- **Activity**: Although the entries contain pictures, write out only their text, exactly as it stands.
Segment Open
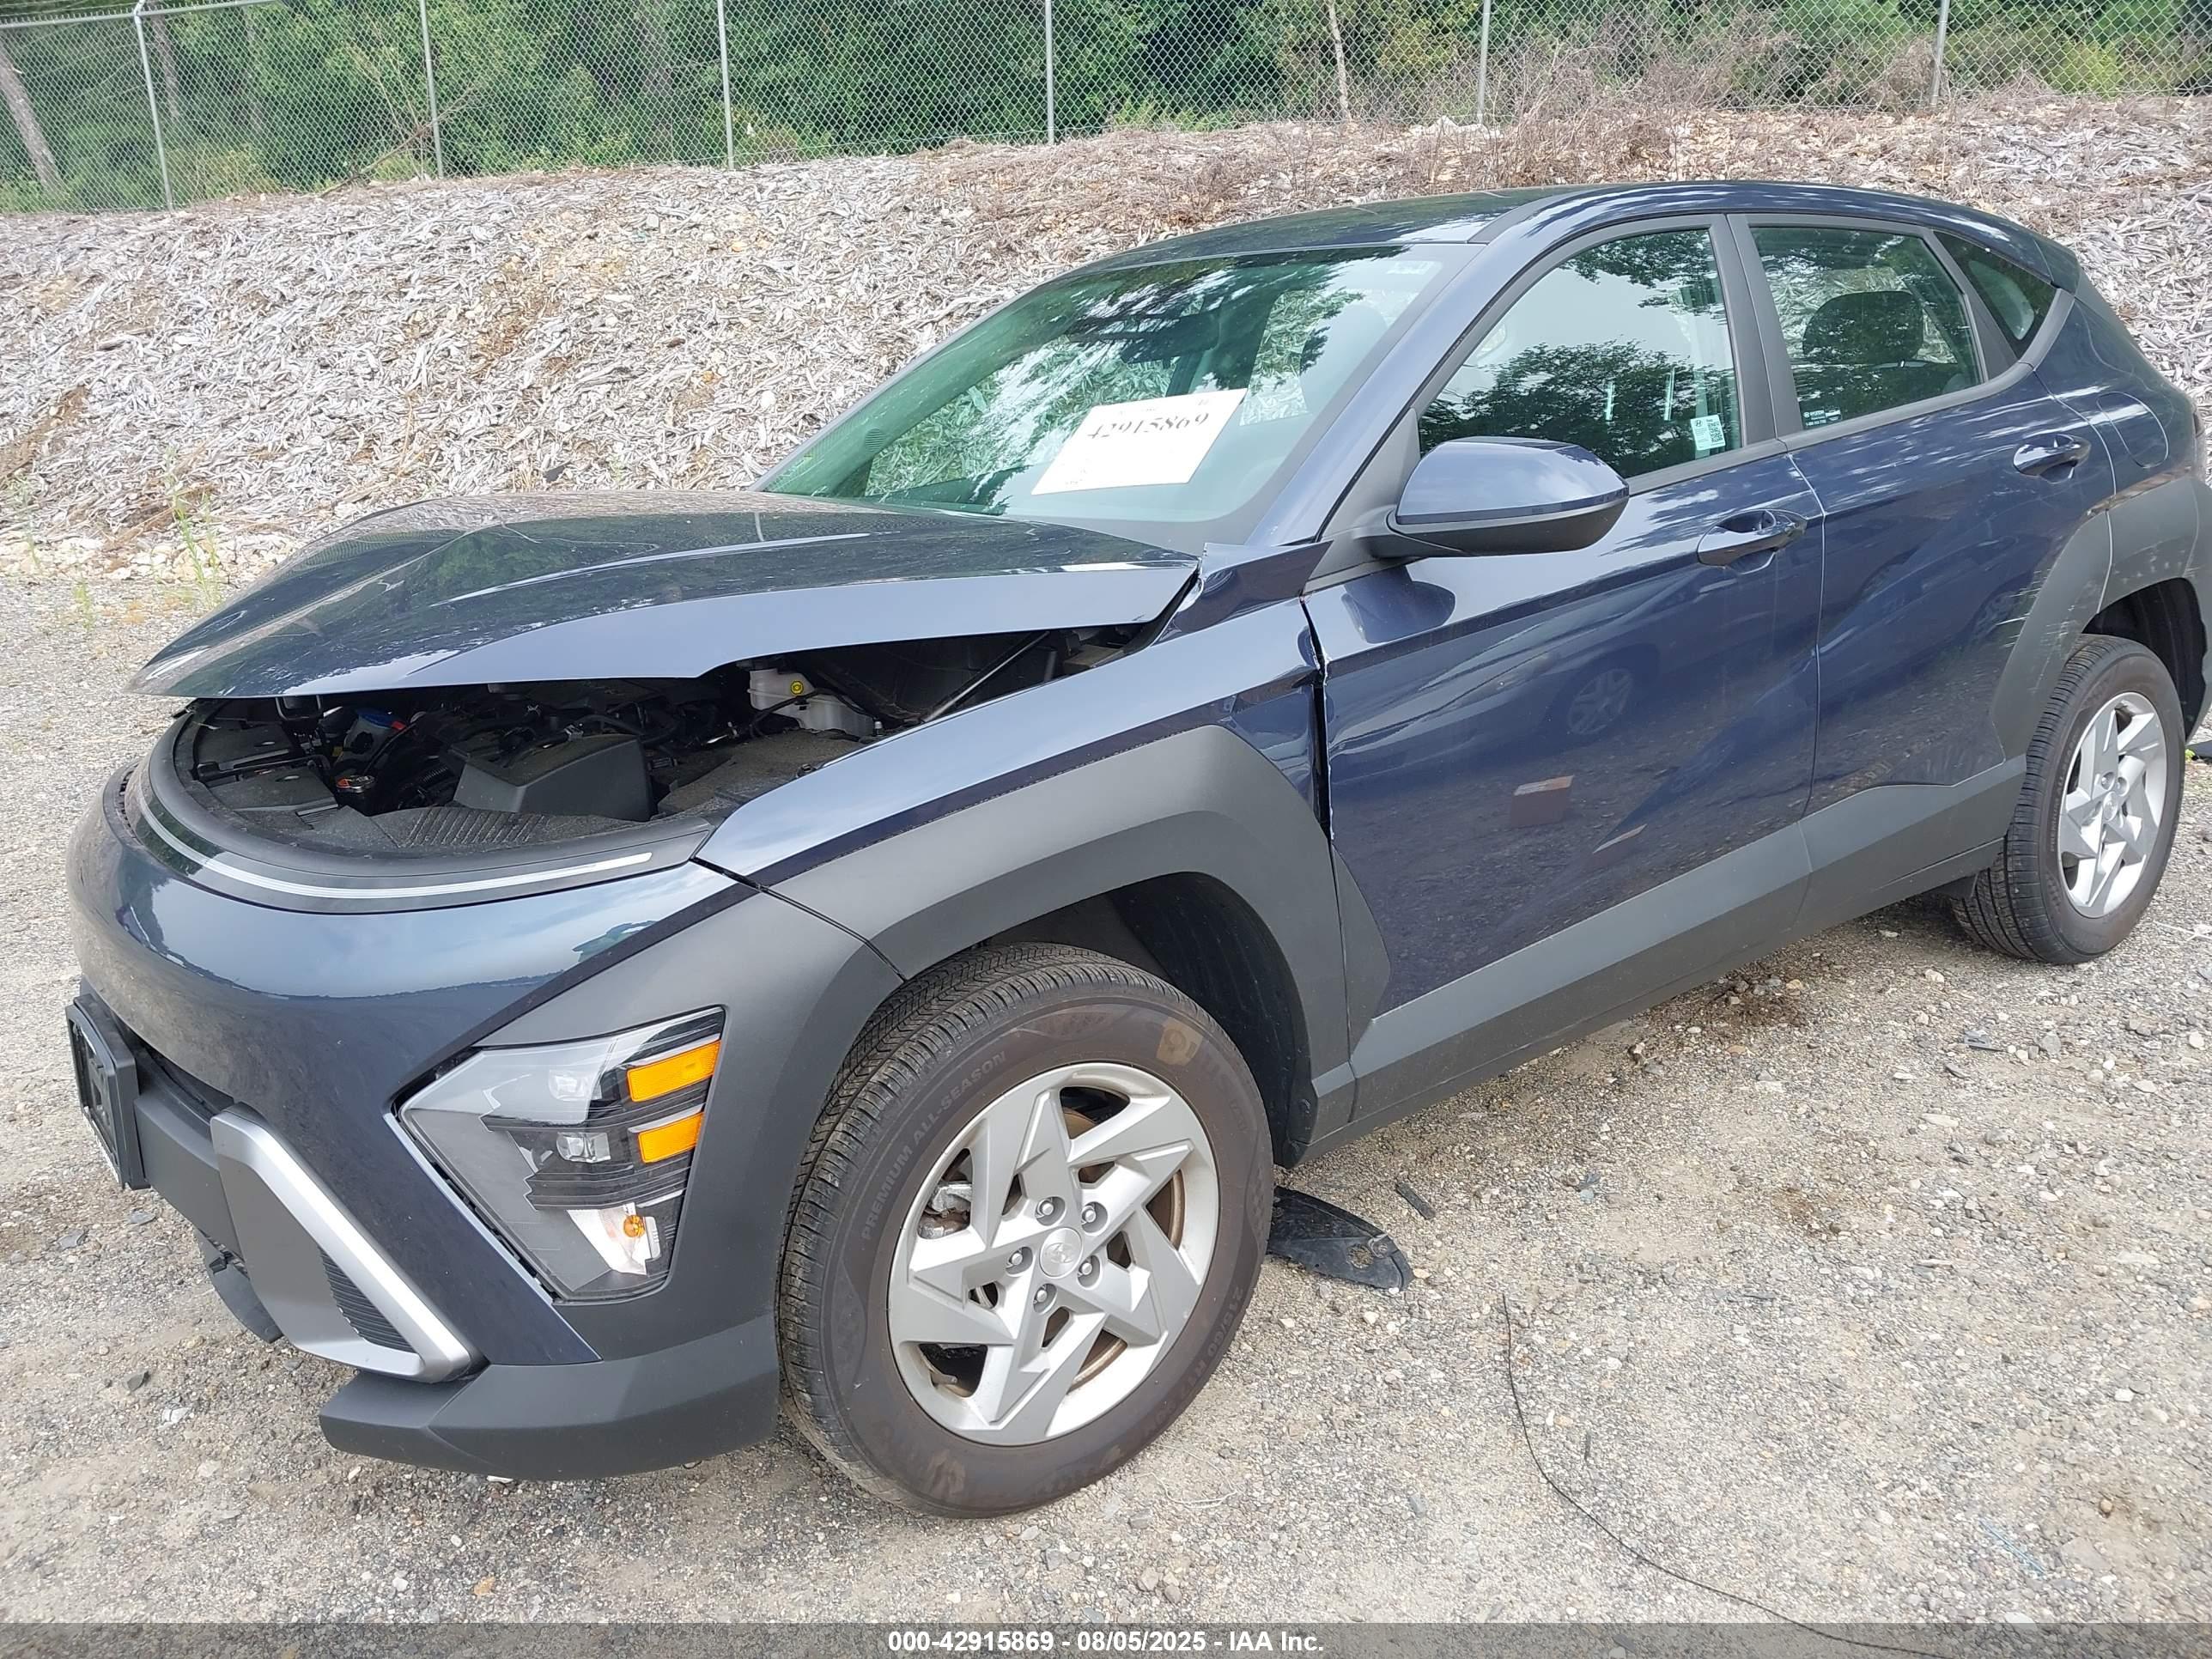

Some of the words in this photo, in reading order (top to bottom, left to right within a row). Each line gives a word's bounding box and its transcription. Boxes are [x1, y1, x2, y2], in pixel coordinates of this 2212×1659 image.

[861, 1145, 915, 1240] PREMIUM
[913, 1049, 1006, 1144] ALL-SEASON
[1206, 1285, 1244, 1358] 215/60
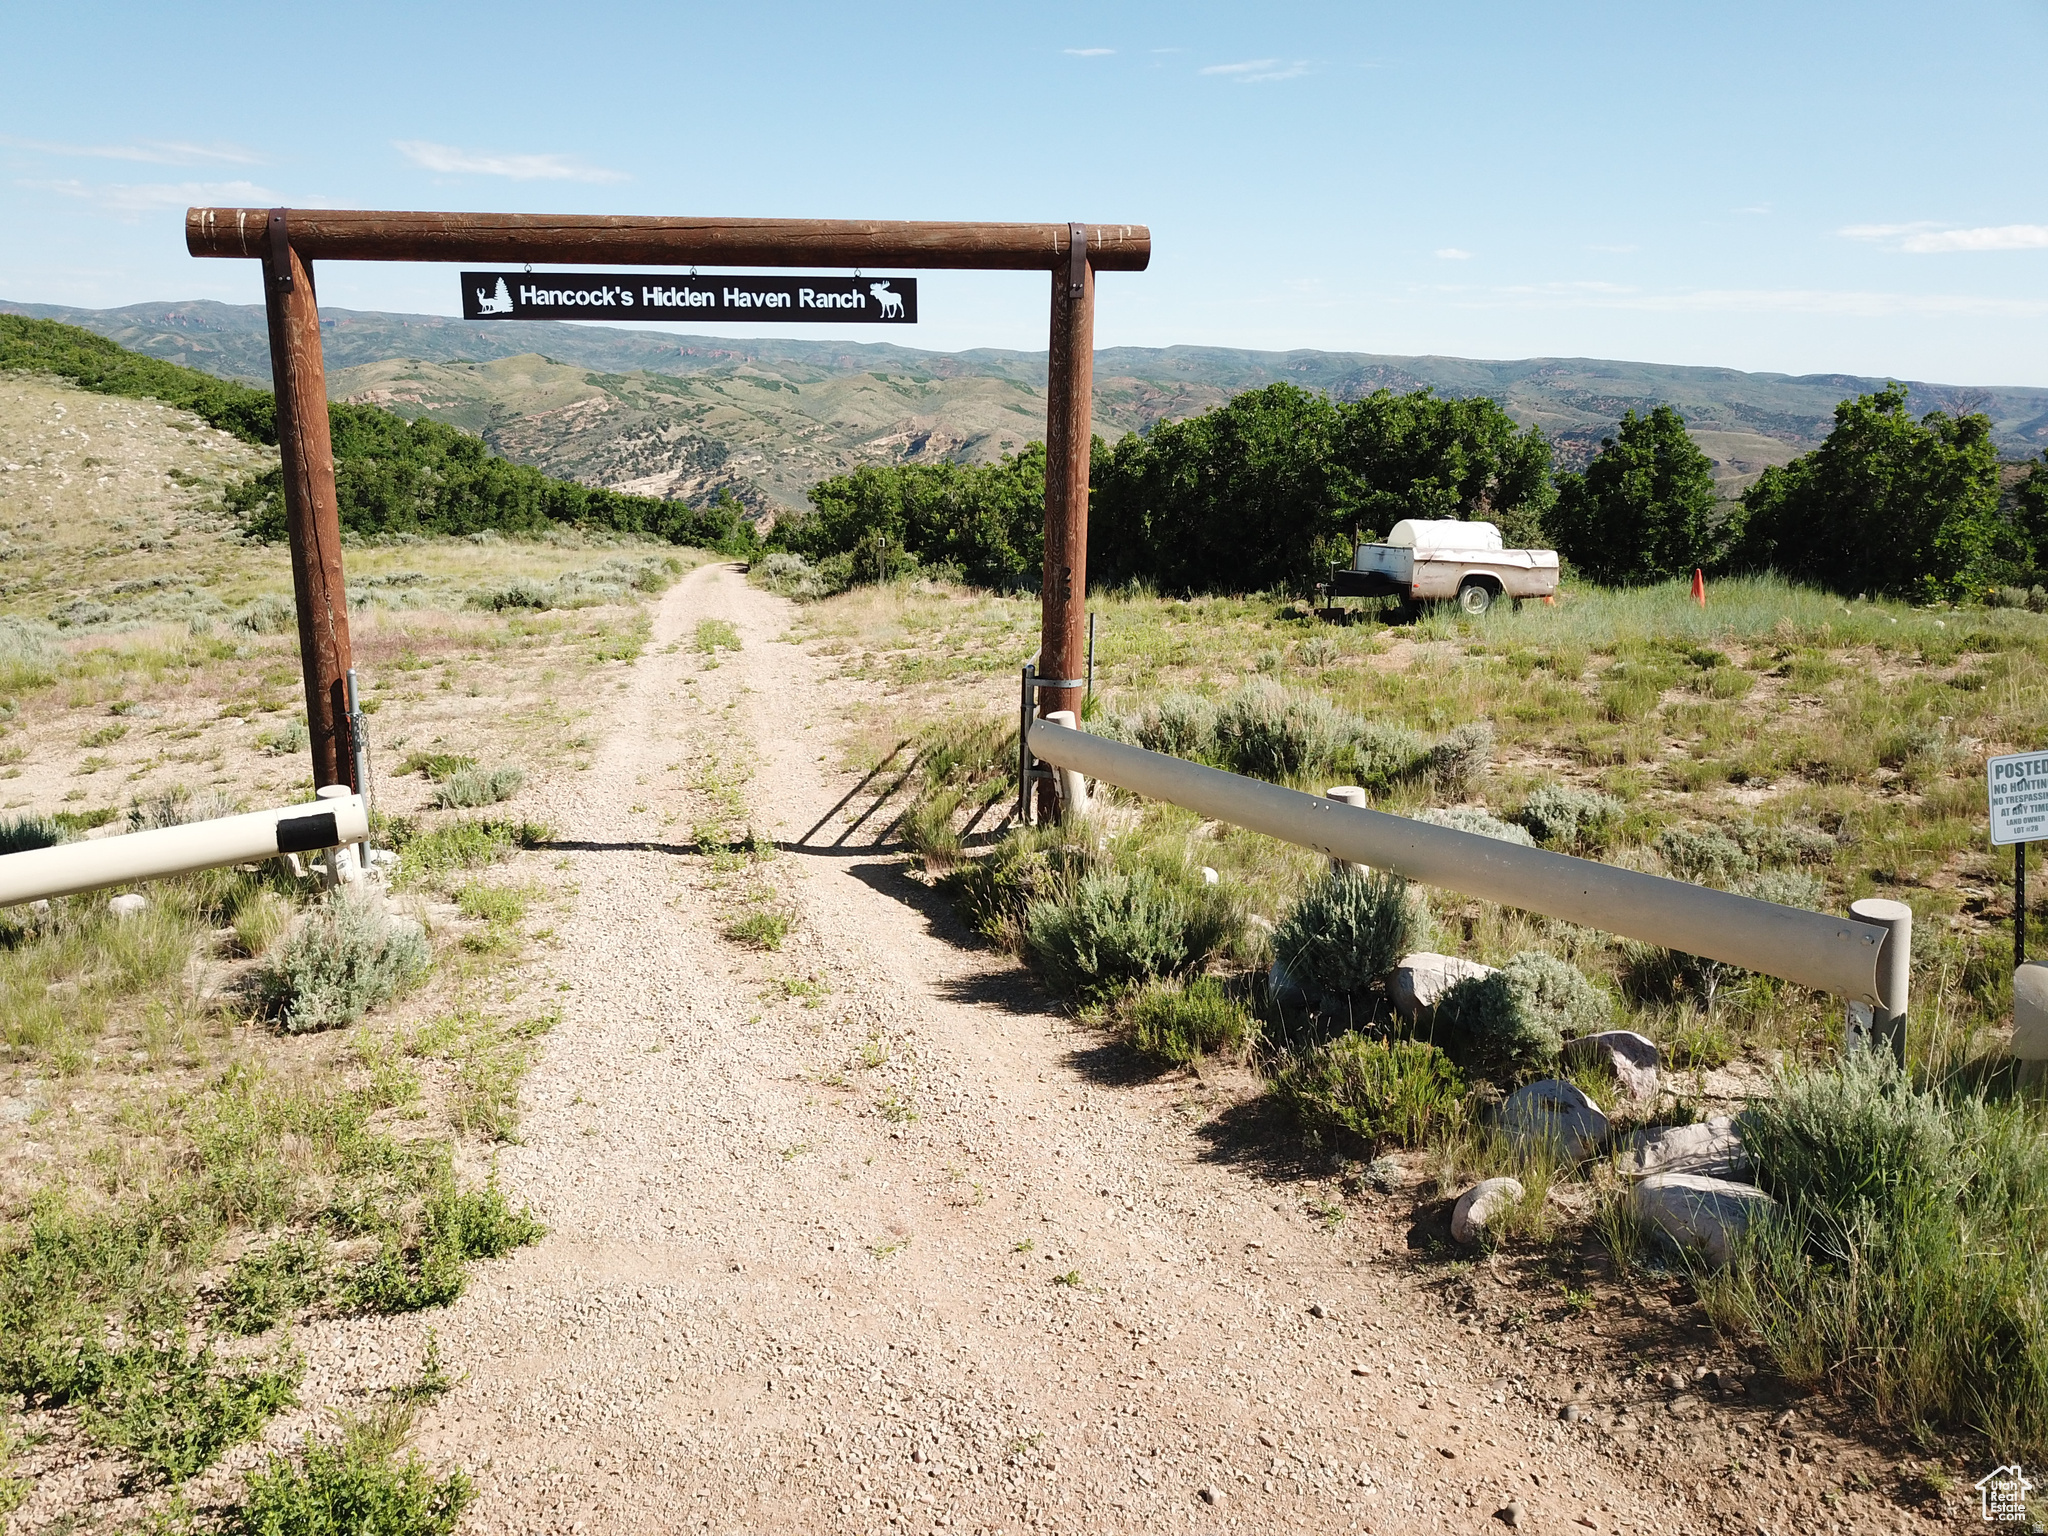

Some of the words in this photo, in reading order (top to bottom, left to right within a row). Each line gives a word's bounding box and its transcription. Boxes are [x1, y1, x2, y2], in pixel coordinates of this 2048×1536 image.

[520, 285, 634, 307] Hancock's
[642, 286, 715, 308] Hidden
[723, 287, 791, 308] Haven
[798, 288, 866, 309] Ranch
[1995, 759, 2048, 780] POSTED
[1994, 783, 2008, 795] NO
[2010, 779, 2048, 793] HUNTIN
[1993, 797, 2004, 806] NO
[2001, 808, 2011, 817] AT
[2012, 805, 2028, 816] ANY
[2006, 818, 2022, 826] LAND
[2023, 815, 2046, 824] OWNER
Segment Closed
- **Result**:
Some of the words in this photo, in reading order (top to bottom, left to right within a row). Each line gives a word's bounding box and its transcription. Boxes are [x1, y1, x2, y2], in pixel coordinates of this 2212×1659 image.

[861, 1145, 915, 1240] PREMIUM
[913, 1049, 1006, 1144] ALL-SEASON
[1206, 1285, 1244, 1358] 215/60

Some of the words in this photo, in reading order (top to bottom, left to right within a row). Each line gives a word's bounding box and its transcription. Boxes are [x1, y1, x2, y2], in pixel coordinates of this 2048×1536 image.

[520, 285, 634, 307] Hancock's
[642, 286, 715, 308] Hidden
[723, 287, 791, 308] Haven
[798, 288, 866, 309] Ranch
[1995, 759, 2048, 780] POSTED
[1994, 783, 2008, 795] NO
[2010, 779, 2048, 793] HUNTIN
[1993, 797, 2004, 806] NO
[2001, 808, 2011, 817] AT
[2012, 805, 2028, 816] ANY
[2006, 818, 2022, 826] LAND
[2023, 815, 2046, 824] OWNER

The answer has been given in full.